Carol testified that she administered the thrush medication in Ann's bottle diluted with water. She further testified that she also administered Ann's reflux medication in the bottle.

The trial judge found Miller credible, while finding Carol to be "somewhat credible." After making findings with regard to the cleanliness of the house, the sleeping arrangements with regard to the children, including "the safety of [Ann] sleeping in the crib with . . . a queen size comforter, " the judge determined that the Division "has proven that there was an issue with regard to appropriate medical treatment for the two children." The judge found that Carol did not administer the medication for the thrush as prescribed and that she "unilaterally stopped giving Zantac for the reflux." The judge determined that the medicine was administered inappropriately, as "admitted by [Carol]."

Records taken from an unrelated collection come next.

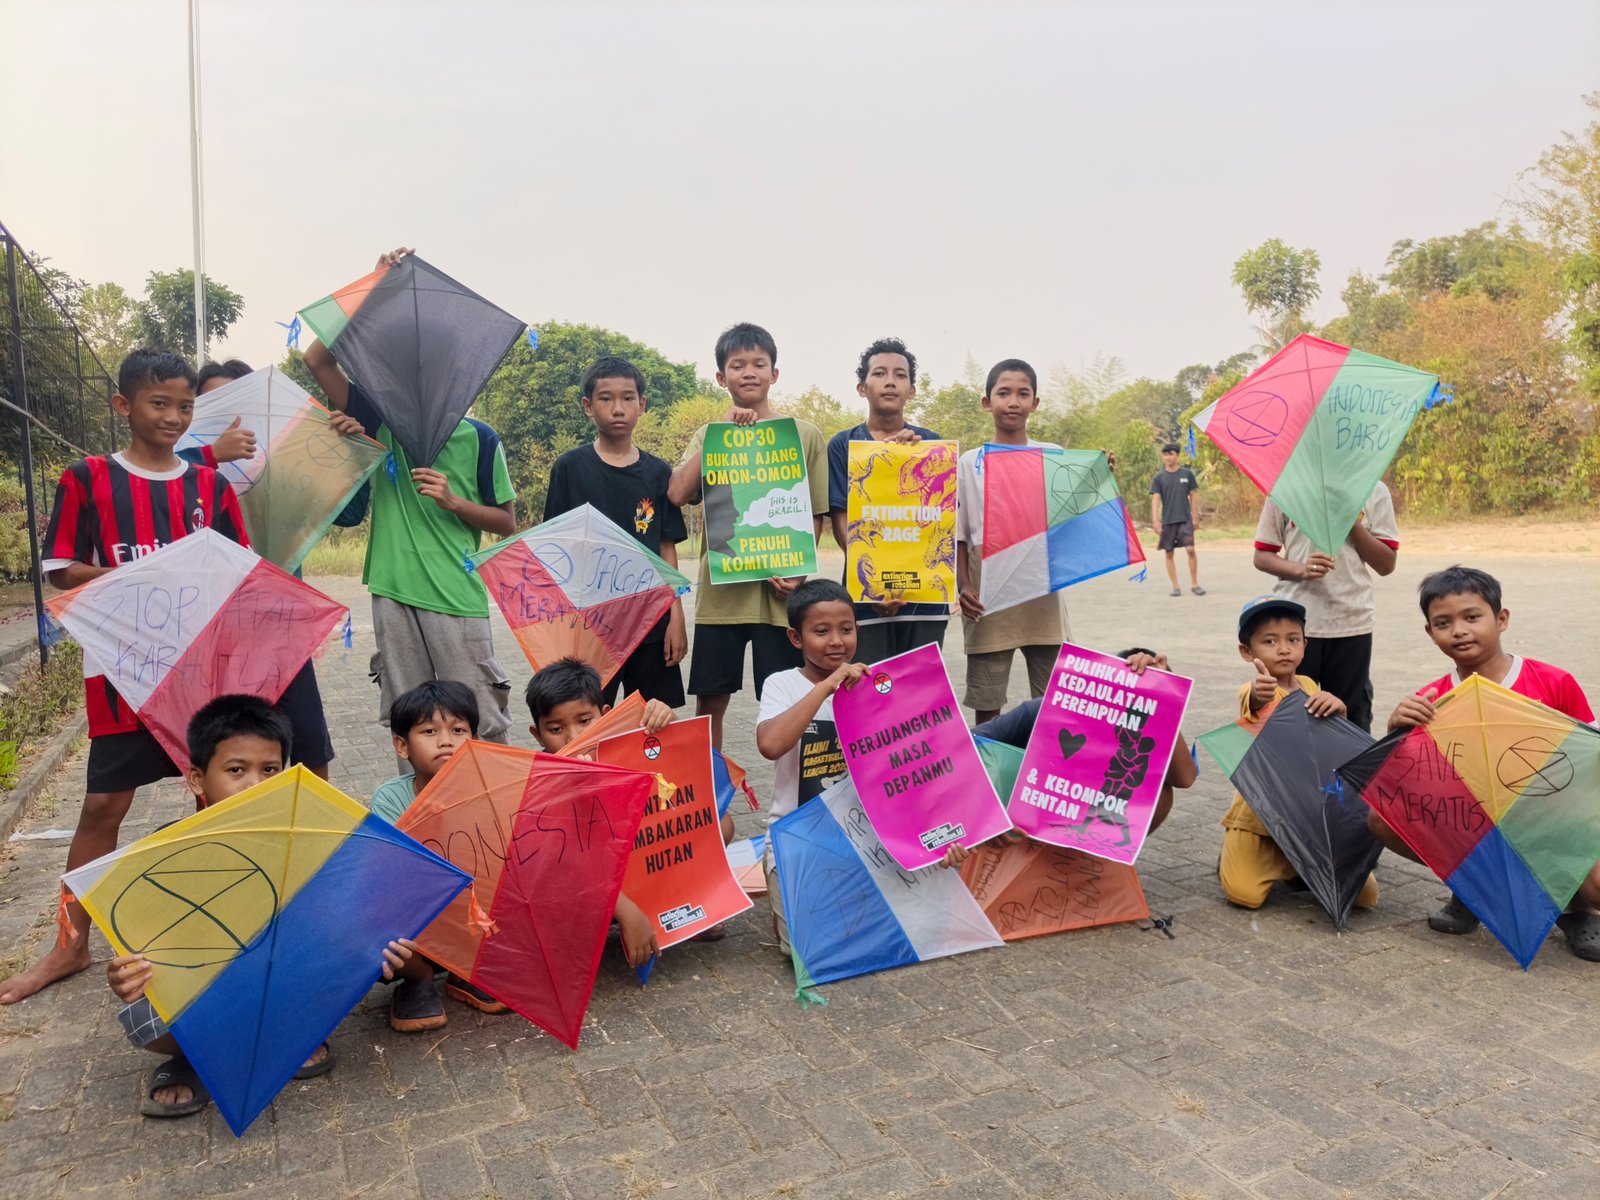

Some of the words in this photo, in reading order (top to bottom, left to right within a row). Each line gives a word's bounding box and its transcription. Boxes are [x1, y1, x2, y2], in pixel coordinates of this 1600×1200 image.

[723, 427, 776, 448] COP30
[1335, 417, 1392, 452] BARU
[706, 453, 749, 467] BUKAN
[755, 447, 799, 465] AJANG
[706, 463, 802, 486] OMON-OMON
[770, 496, 787, 507] THIS
[788, 496, 798, 505] IS
[862, 505, 942, 522] EXTINCTION
[739, 534, 791, 554] PENUHI
[882, 527, 921, 542] RAGE
[722, 551, 804, 573] KOMITMEN!
[882, 572, 914, 580] extinction
[891, 580, 920, 589] rebellion
[93, 578, 200, 637] STOP
[1063, 654, 1139, 689] PULIHKAN
[1057, 672, 1158, 716] KEDAULATAN
[1051, 690, 1142, 732] PEREMPUAN
[848, 704, 953, 759] PERJUANGKAN
[888, 740, 933, 770] MASA
[1395, 738, 1465, 783] SAVE
[883, 756, 954, 799] DEPANMU
[1020, 786, 1081, 820] RENTAN
[1026, 768, 1038, 785] &
[1044, 774, 1128, 815] KELOMPOK
[1377, 785, 1486, 833] MERATUS
[922, 825, 950, 843] extinction
[932, 827, 964, 848] rebellion.id
[645, 842, 694, 875] HUTAN
[661, 907, 688, 923] extinction
[671, 909, 705, 929] rebellion.id

Carol argues that the trial judge's determination that she neglected both children should be reversed because it was based on factual findings unsupported by the record, particularly with respect to Jane. She points to the absence of any "concrete medical evidence or expert testimony" indicating that Ann suffered harm. Carol also contends that the Division failed to prove that she did not exercise a minimum degree of care and, therefore, the judge's findings of abuse and neglect cannot be sustained. As additional ground for reversal, she argues that the Division reports introduced into evidence at the fact-finding hearing contained inadmissible hearsay.

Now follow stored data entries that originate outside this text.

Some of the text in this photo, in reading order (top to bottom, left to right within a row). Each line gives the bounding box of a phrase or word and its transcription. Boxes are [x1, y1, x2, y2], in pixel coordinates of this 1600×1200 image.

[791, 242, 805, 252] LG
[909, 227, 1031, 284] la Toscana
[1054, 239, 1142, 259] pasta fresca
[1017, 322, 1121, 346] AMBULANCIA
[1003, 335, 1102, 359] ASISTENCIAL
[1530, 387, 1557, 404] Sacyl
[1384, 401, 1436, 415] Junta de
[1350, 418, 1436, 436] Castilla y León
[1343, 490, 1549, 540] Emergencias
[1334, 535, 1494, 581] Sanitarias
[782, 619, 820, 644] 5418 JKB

Initially, we set forth some well-settled principles that inform our review. "In a non-jury civil action, the trial court shall make findings of fact and state its conclusions of law." N.J. Div. of Youth & Family Servs. v. M.C. III, 201 N.J. 328, 342 (2010). A reviewing court must "'defer to the factual findings of the trial court because it has the opportunity to make first-hand credibility judgments about the witnesses who appear on the stand.'" Ibid. (quoting N.J. Div. of Youth & Family Servs. v. E.P., 196 N.J. 88, 104 (2008)). We owe particular deference to a family court's fact-finding because of its "special jurisdiction and expertise in family matters." Cesare v. Cesare, 154 N.J. 394, 413 (1998). "Only when the trial court's conclusions are 'so clearly mistaken' or 'wide of the mark' should an appellate court intervene and make its own findings to ensure that there is not a denial of justice." E.P., supra, 196 N.J. at 104 (quoting N.J. Div. of Youth & Family Servs. v. G.L., 191 N.J. 596, 605 (2007)).

However, "[t]here is an exception to th[e] general rule of deference: Where the issue to be decided is an alleged error in the trial judge's evaluation of the underlying facts and the implications to be drawn therefrom, we expand the scope of our review." G.L., supra, 191 N.J. at 605 (internal quotation marks omitted). And, when the issue presented turns on a legal conclusion derived from the Family Part's fact-finding, "we are not required to defer." N.J. Div. of Youth & Family Servs. v. A.R., 419 N.J.Super. 538, 542-43 (App. Div. 2011).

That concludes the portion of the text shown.